**The problem**
From the line containing "this 1288×966 image." down to the line containing "this 2352×1568 image." in the records below, reproduce every line exactly, ends included, and omit all others.

** Data for processing follows **

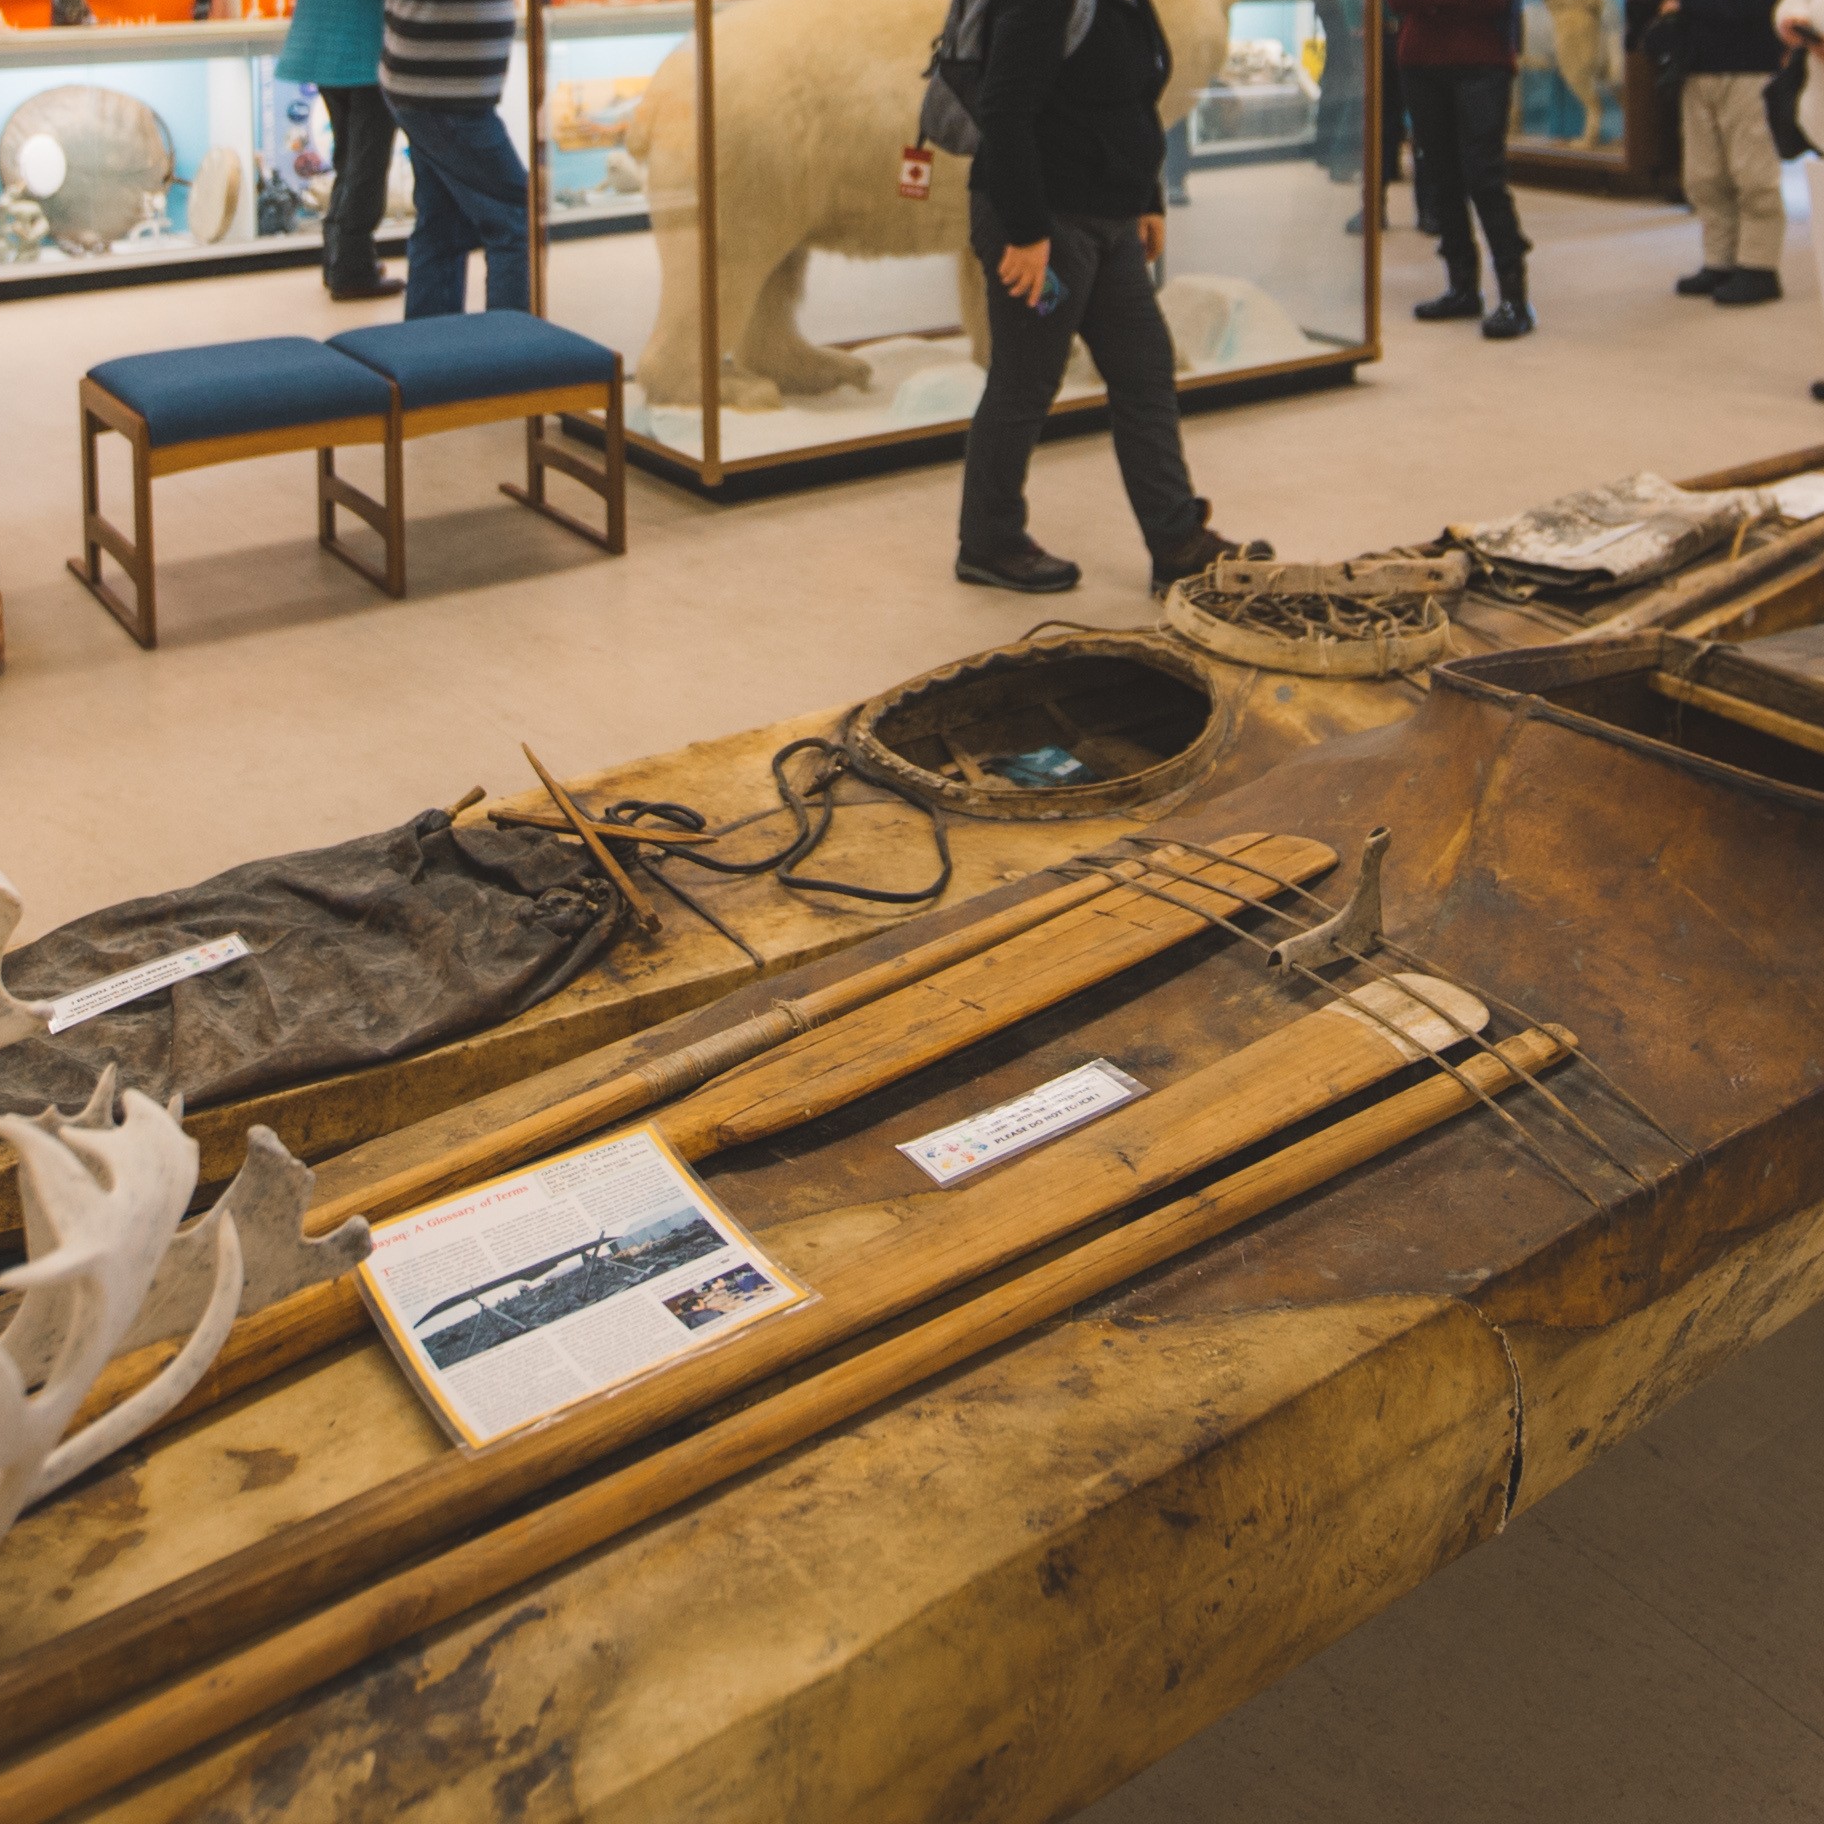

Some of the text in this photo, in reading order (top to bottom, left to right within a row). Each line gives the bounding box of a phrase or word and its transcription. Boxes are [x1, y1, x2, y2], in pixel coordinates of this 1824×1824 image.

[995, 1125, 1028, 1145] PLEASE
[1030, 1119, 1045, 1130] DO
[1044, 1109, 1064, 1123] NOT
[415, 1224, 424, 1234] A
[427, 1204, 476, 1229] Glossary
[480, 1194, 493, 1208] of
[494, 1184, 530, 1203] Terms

** End of Data for processing **
** Data for processing follows **

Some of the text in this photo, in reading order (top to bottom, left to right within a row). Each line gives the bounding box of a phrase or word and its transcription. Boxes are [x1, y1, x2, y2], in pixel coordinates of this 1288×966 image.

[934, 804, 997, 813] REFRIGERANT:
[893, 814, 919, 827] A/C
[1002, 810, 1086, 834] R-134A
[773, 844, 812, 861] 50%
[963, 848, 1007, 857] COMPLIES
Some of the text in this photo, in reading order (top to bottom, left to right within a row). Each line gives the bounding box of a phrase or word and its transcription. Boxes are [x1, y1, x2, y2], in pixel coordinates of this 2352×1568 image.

** End of Data for processing **

**Solution below**
Some of the text in this photo, in reading order (top to bottom, left to right within a row). Each line gives the bounding box of a phrase or word and its transcription. Boxes are [x1, y1, x2, y2], in pixel coordinates of this 1288×966 image.

[934, 804, 997, 813] REFRIGERANT:
[893, 814, 919, 827] A/C
[1002, 810, 1086, 834] R-134A
[773, 844, 812, 861] 50%
[963, 848, 1007, 857] COMPLIES
Some of the text in this photo, in reading order (top to bottom, left to right within a row). Each line gives the bounding box of a phrase or word and its transcription. Boxes are [x1, y1, x2, y2], in pixel coordinates of this 2352×1568 image.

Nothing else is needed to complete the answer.